## [Goal of the exercise]
Everything from the line with "Some of the words" to the end of the data is to be retyped exactly, and nothing else.

-----

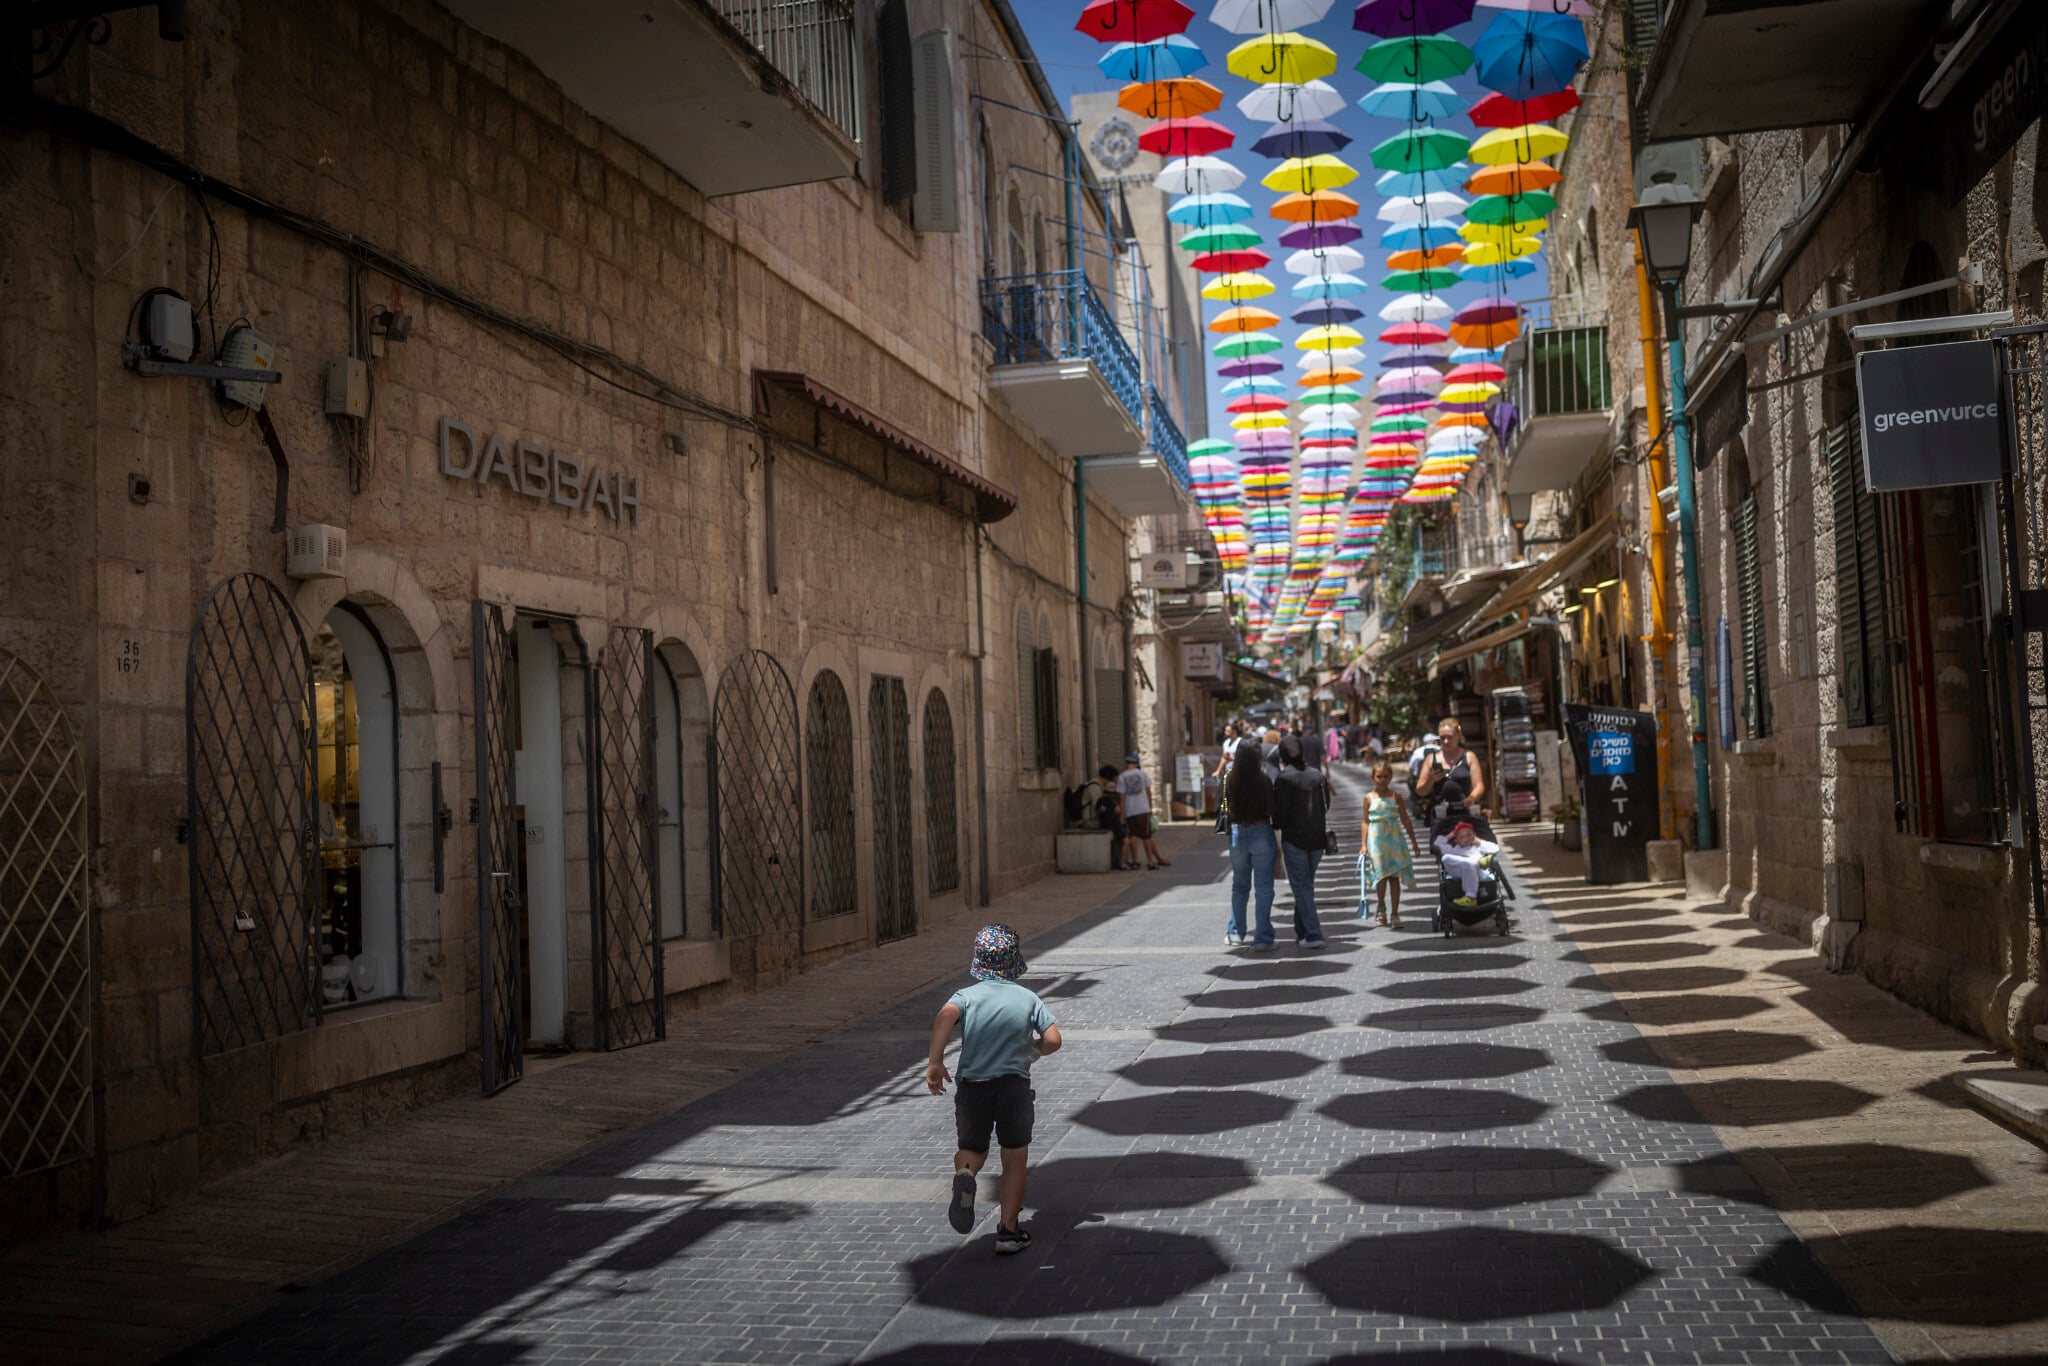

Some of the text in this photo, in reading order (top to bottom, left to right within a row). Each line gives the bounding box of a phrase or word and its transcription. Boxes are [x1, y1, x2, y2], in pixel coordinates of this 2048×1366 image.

[440, 416, 640, 529] DABBAH
[124, 640, 139, 656] 36
[117, 657, 140, 674] 167
[1593, 737, 1629, 748] משיכת
[1591, 747, 1631, 757] מזומנים
[1603, 757, 1621, 767] כאן
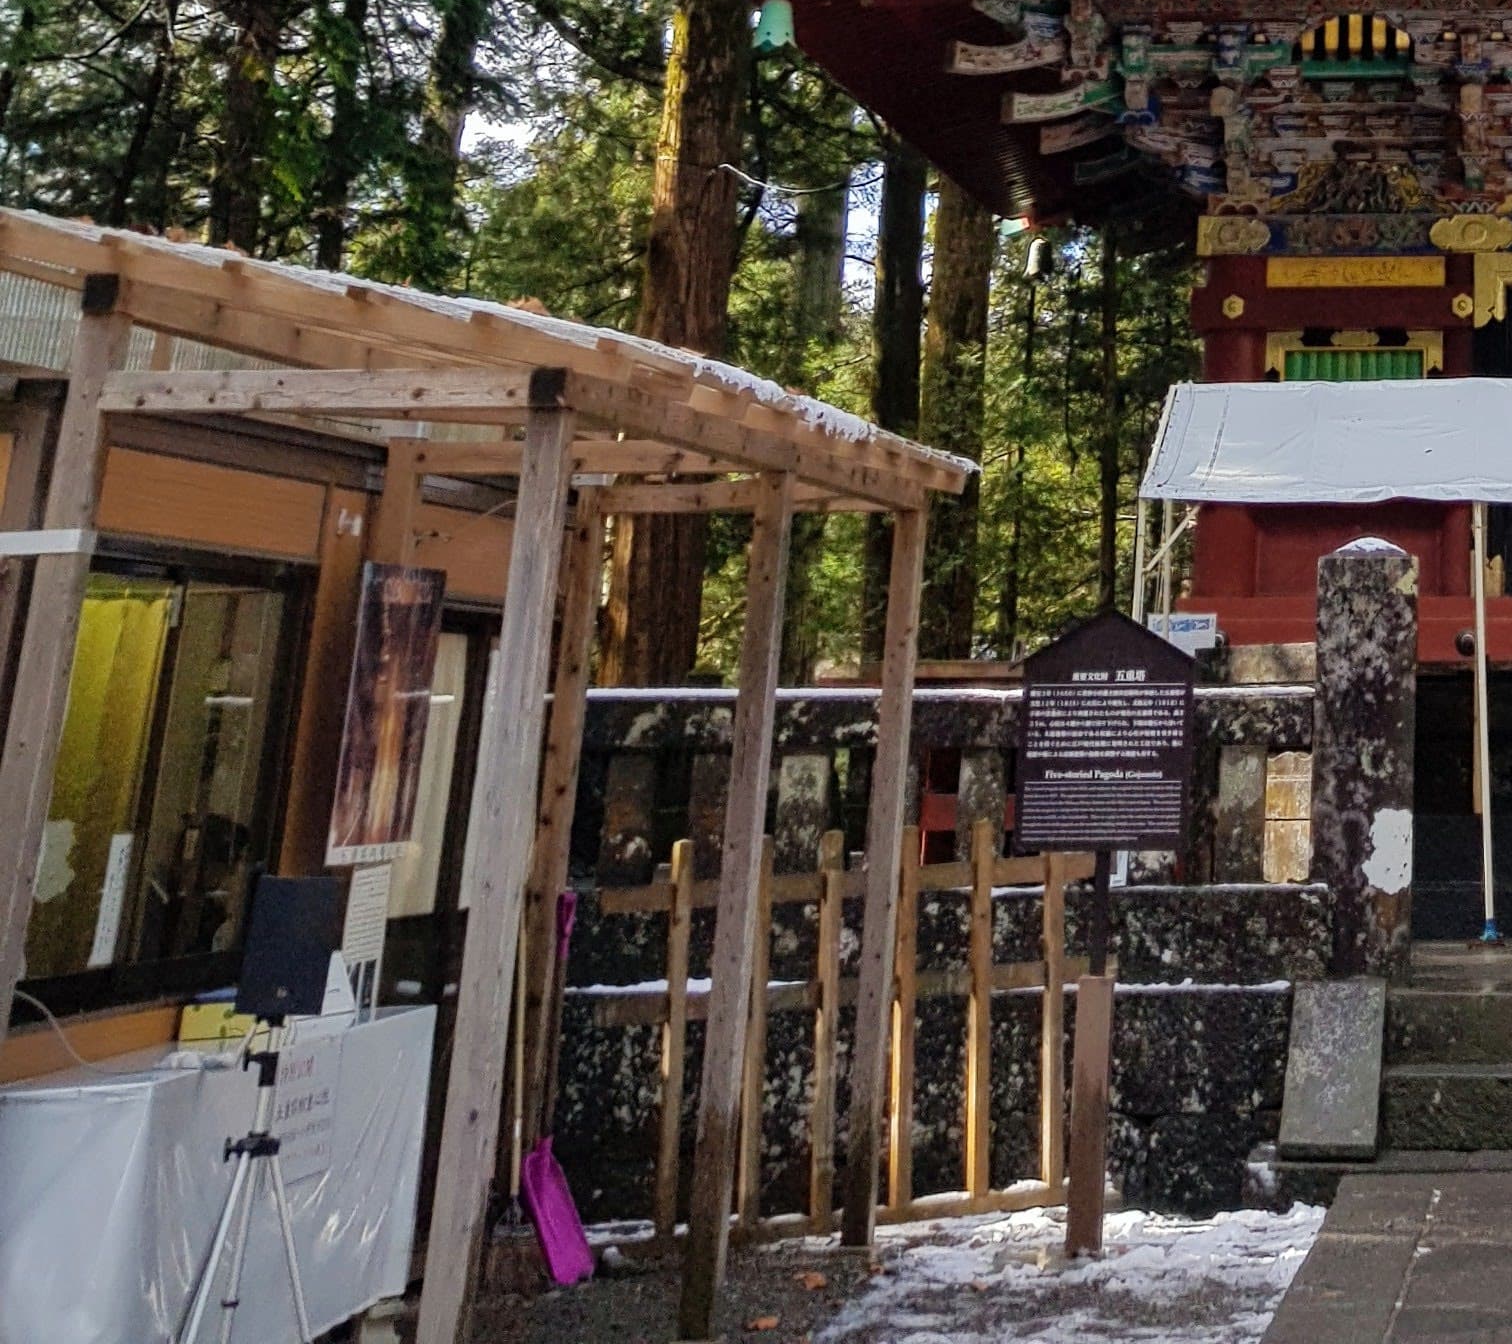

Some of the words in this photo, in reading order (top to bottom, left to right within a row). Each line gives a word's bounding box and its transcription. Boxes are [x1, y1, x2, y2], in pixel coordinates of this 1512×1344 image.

[1115, 669, 1147, 682] 五重塔
[1094, 769, 1124, 780] Pagoda

-----

## [Result of this task]
Some of the words in this photo, in reading order (top to bottom, left to right within a row). Each line gives a word's bounding box and its transcription. Boxes are [x1, y1, x2, y2], in pixel coordinates of this 1512×1344 image.

[1115, 669, 1147, 682] 五重塔
[1094, 769, 1124, 780] Pagoda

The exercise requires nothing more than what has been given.